Introduction

Some things should be simple, shrinking a thin provisioned virtual disk should be one of them, it’s not. N.B. This will just reduce the VMDK’s usage on the VMFS datastore NOT resize the “provisioned size” of a thin disk.

To shrink a VMDK we can use an ESX command line tool vmkfstools, but first you have to zero out any free space on your thin provisioned disk.

Windows

On Windows guests we can use the sysinternals tool SDelete ↗ (replace the [DRIVE:] with the relevant Windows drive letter) you must use v1.6 or later!:

sdelete.exe -z [DRIVE:]

This will fill any unused space on the drive specified with zero-blocks.

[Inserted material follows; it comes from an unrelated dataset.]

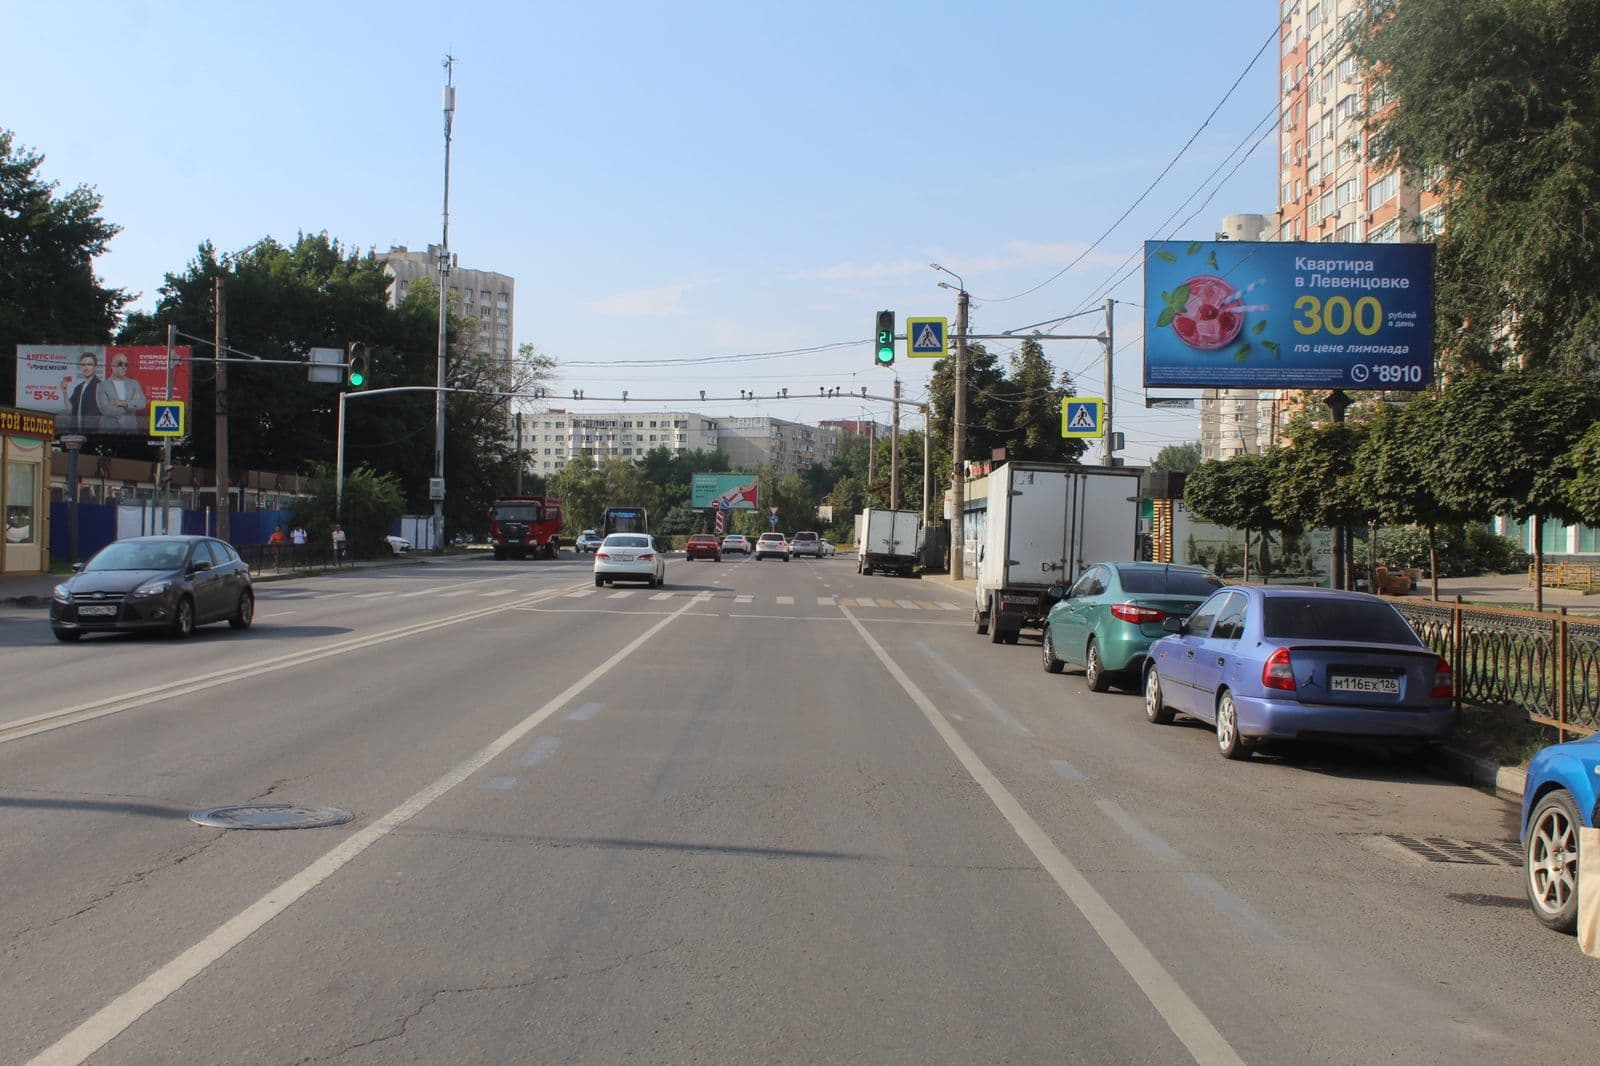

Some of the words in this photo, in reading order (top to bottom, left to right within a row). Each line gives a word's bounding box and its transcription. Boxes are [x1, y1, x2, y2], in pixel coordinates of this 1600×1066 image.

Caution: This operation will expand your thin-disk to its maximum size, ensure your datastore has the capacity to do this before you run this operation.

As of v1.6 -c and -z have changed meanings, many instructions say -c zeros free space, this is no longer the case, it zeros the space then fills with random data in accordance with DOD spec: DOD 5220.22-M, the trigger to zero space with 0x00 has changed to -z!

Linux

On linux guests use:

dd if=/dev/zero of=/[PATH]/zeroes bs=4096 && rm -f /[PATH]/zeroes

Again, replace [PATH] with the relevant path to a location on the target storage device. Next we will shut down the guest OS and SSH into the ESX shell, once in the shell we need to navigate to the VMDK’s datastore -> directory and we’ll check the VM’s actual size:

du -h [DISKNAME].vmdk

Punch all zeroed blocks out of the VMDK:

vmkfstools --punchzero [DISKNAME].vmdk

Check the size again (will now be less):

du -h [DISKNAME].vmdk

Of course, replace [DISKNAME] with your VMDK’s actual name. There we have it, all that free space, now reclaimed.